> Required action
Images excluded, repeat each entry below exactly.

[Image-backed grounding data]
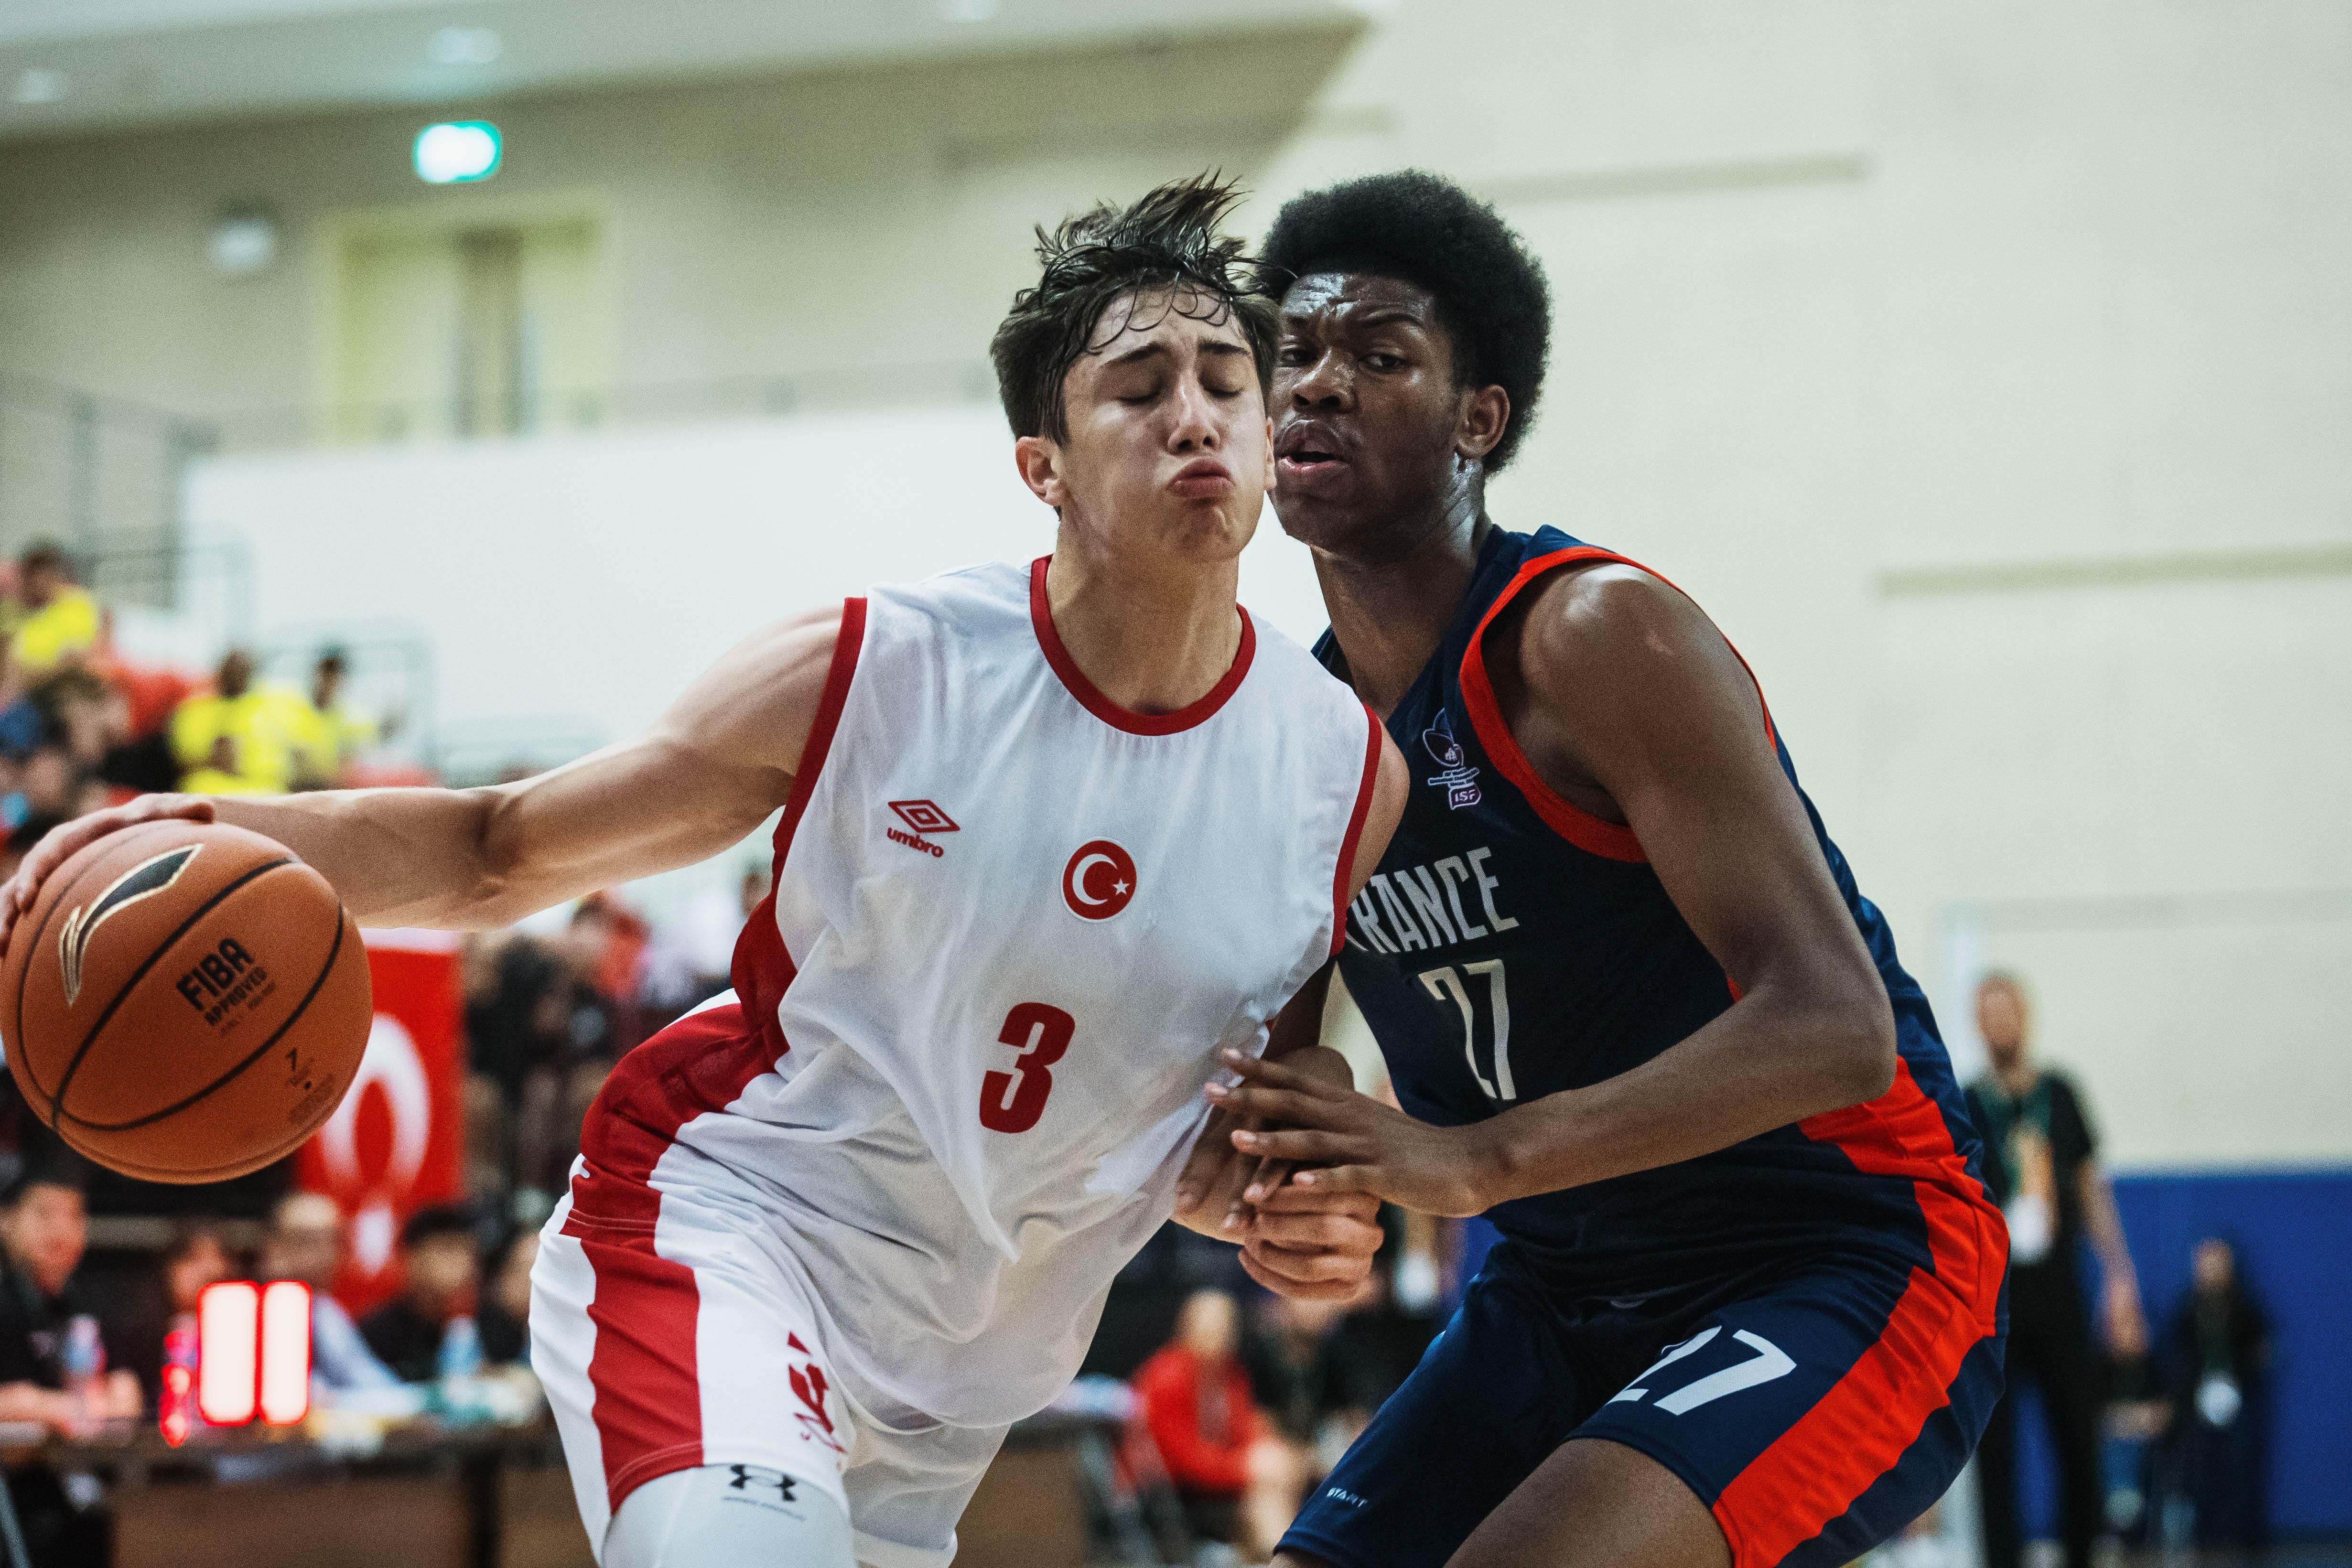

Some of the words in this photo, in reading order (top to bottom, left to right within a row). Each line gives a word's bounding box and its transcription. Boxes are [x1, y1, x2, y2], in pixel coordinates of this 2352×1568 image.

[1455, 789, 1476, 802] ISF
[887, 827, 944, 858] umbro
[1345, 846, 1520, 954] RANCE
[176, 938, 255, 1011] FIBA
[204, 966, 267, 1027] APPROVED
[980, 1002, 1075, 1134] 3

> Worked solution
Some of the words in this photo, in reading order (top to bottom, left to right within a row). Each line gives a word's bounding box and its transcription. Boxes are [x1, y1, x2, y2], in pixel coordinates of this 2352×1568 image.

[1455, 789, 1476, 802] ISF
[887, 827, 944, 858] umbro
[1345, 846, 1520, 954] RANCE
[176, 938, 255, 1011] FIBA
[204, 966, 267, 1027] APPROVED
[980, 1002, 1075, 1134] 3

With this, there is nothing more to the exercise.